Vulnerability encourages more vulnerability. The first step in developing vulnerability around you is being vulnerable yourself. In order to open up your environment, you must begin by opening up yourself. If you want to develop a genuine community, a community without masks, the first step is to open up your heart and be vulnerable.
Jurgen Moltmann writes that “acceptance is the atmosphere of humanity.” Once vulnerability is developed, the next step is acceptance. Without acceptance vulnerability will die and the old, stale ways of being will return. Vulnerability that ends in acceptance is sustainable vulnerability. Acceptance, therefore, is essential to the development of community.
The purpose of community is intimacy. I love the definition Danny Silk gives for intimacy. He calls it “into-me-you-see”. Intimacy means vulnerability, the practice of being genuine, and the acceptance of another person. Therefore, acceptance is the next step in developing community.
On a side note, acceptance must be vulnerable acceptance. It is not conditional acceptance, but unconditional. It is therefore acceptance given to another person despite their response. It is this sort of acceptance that solidifies a community.
The last “key” to developing community is communion. Communion is the “common-union” of our life. It is the element of unity. Without vulnerability or acceptance, the communion of community will always be fake and superficial. But when vulnerability and acceptance are in place, communion is the final key to building a life-giving community.

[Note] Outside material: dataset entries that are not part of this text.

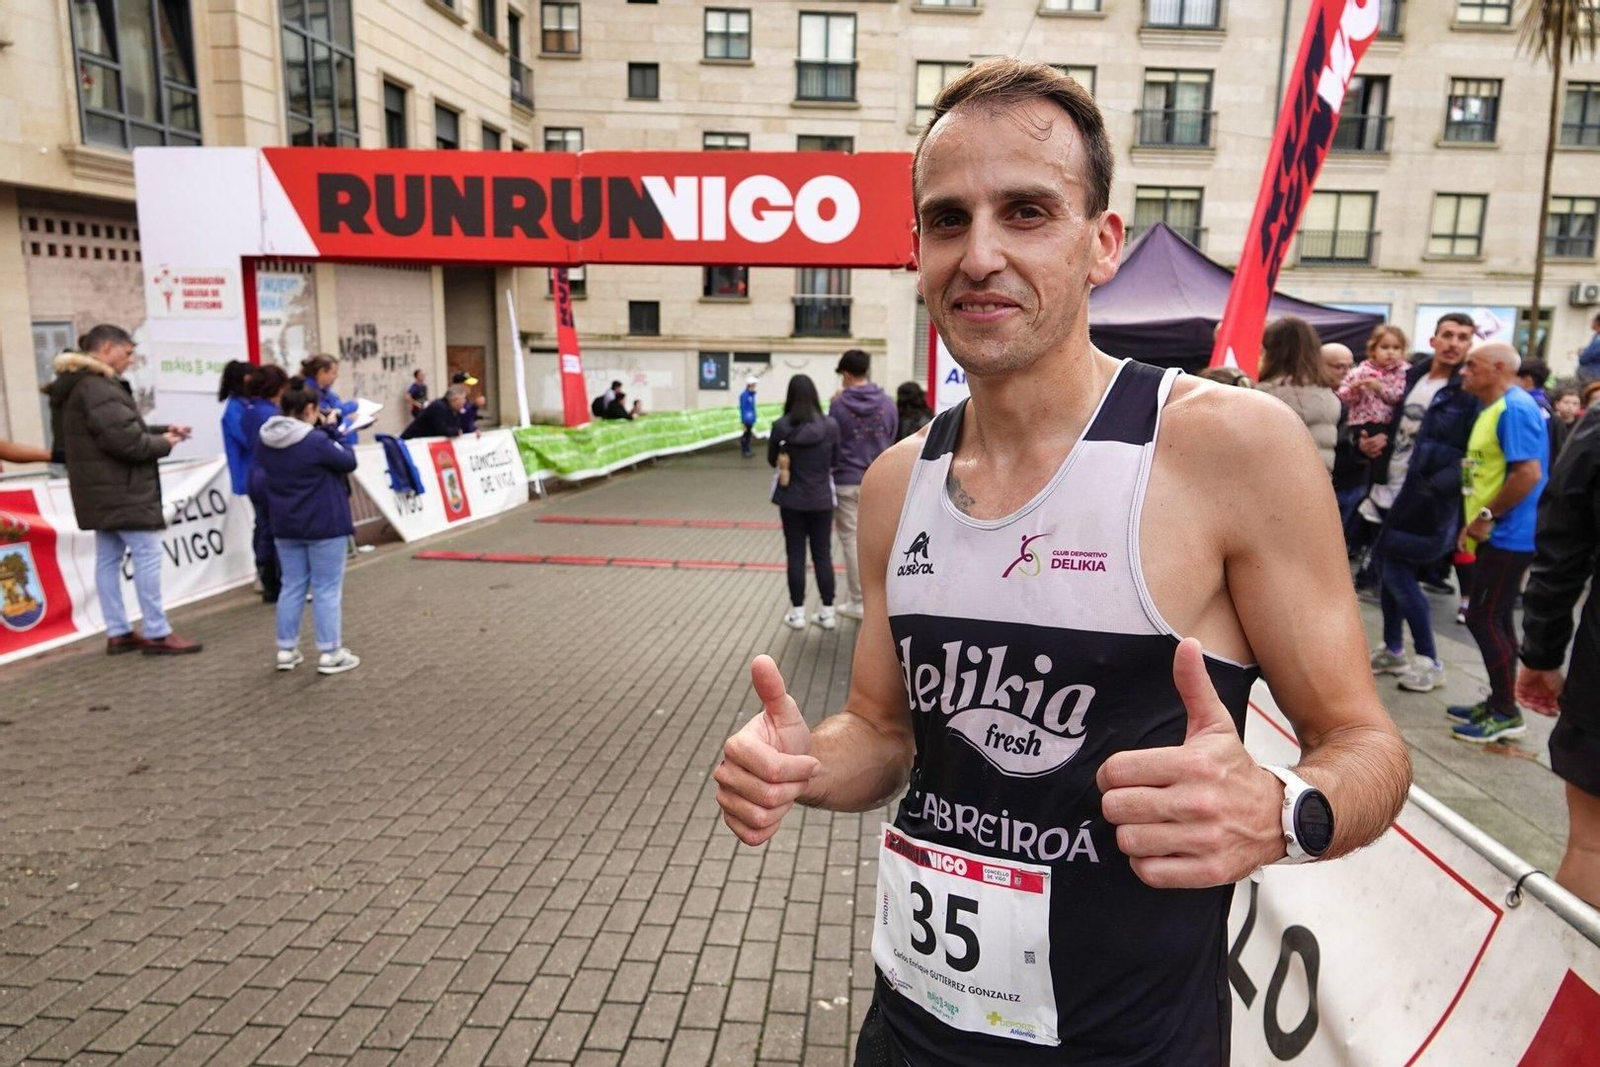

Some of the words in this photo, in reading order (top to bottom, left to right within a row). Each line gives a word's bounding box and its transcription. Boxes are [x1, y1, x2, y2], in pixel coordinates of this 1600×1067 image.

[161, 529, 224, 567] VIGO
[1051, 558, 1106, 572] DELIKIA
[1070, 550, 1108, 558] DEPORTIVO
[900, 636, 1097, 736] delikia
[984, 723, 1042, 757] fresh
[910, 880, 981, 972] 35
[894, 948, 909, 963] Carlos
[909, 957, 929, 976] Enrique
[929, 970, 966, 993] GUTIERREZ
[968, 985, 1021, 1003] GONZALEZ

But what is this “common-union” we share? In the Christian sense it is Jesus Christ, and more specifically, the cross of Jesus Christ. Jurgen Moltmann argues that we are united only when we stand together “under the cross”. Because “under the cross we all stand empty-handed”. The final element to a thriving community is the humility that comes as we collectively stand under the suffering of Jesus Christ. We stand there empty-handed, exposed, vulnerable, but wholly accepted, free, and loved. This is where community thrives and life is experienced to the fullest.